Mexico City.- The Government of Mexico announced this Friday the location of a Zapotec tomb in the state of Oaxaca (south), dating back to the year 600 AD and considered by the authorities as the archaeological find "most relevant of the last decade" due to its level of conservation and the information it provides.
Mexican President
Claudia Sheinbaum reported the finding at a press conference, where she stated that it is "
the most relevant archaeological discovery of the last decade in Mexico" due to the conservation and information available, in addition to considering it a sample of the "
millennial greatness" of the country.
For its part, the Secretariat of Culture pointed out that, due to its architectural and pictorial richness, the Zapotec tomb located in Cerro de la Cantera, in the Oaxacan town of San Pablo Huitzo, provides high-value information on the social organization, funerary rituals, and worldview of the Zapotec civilization.
On social media, the Secretary of Culture, Claudia Curiel de Icaza, described the find as “exceptional” due to its conservation and what it reveals about that culture, emphasizing that “it is investigated, protected and shared with society”.

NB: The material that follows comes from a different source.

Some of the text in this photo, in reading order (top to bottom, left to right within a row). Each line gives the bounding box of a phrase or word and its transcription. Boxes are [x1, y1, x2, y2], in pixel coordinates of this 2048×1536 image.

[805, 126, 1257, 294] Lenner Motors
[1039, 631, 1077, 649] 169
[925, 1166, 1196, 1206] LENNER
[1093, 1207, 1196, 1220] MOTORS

In a statement, the Ministry of Culture highlighted the presence of sculptural elements and mural paintings, with symbolic representations associated with power and death, as well as friezes and tombstones with calendar inscriptions, which, the note maintains, "places it among the most significant discoveries of the national archaeological heritage."
At the entrance to the antechamber, an owl, a bird that in the Zapotec worldview symbolizes night and death, decorates the access, and its beak covers the stuccoed and painted face of a "Zapotec lord", which could be the portrait of the ancestor to whom the tomb was dedicated.

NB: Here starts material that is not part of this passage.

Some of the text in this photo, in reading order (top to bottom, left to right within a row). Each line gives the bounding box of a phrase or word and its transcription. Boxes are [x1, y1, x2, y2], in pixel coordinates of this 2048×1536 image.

The threshold is flanked by a lintel with a frieze composed of stone tombstones engraved with calendar names, while the figures of a man and a woman with headdresses and artifacts in both hands, possibly “guardians of the place”, appear carved into the jambs.
In the burial chamber, sections of mural paintings were also found in situ, in ocher, white, green, red and blue colors, with a procession of characters carrying bags of copal and walking towards the entrance.
The Secretariat of Culture indicated that an interdisciplinary team from the INAH Oaxaca Center is carrying out conservation, protection, and research work, including the stabilization of the mural painting, whose state is delicate due to the presence of roots and insects and due to abrupt changes in environmental conditions.
In parallel, ceramic, iconographic, and epigraphic analyses are being developed, as well as physical anthropology studies, to delve into the rituals, symbols, and funerary practices associated.
"Due to its constructive quality and decorative richness, the finding is compared to other Zapotec funerary sets of high relevance in the region, which confirms its importance for understanding the social, artistic, and symbolic complexity of this civilization," concluded the dependency of the Mexican Government.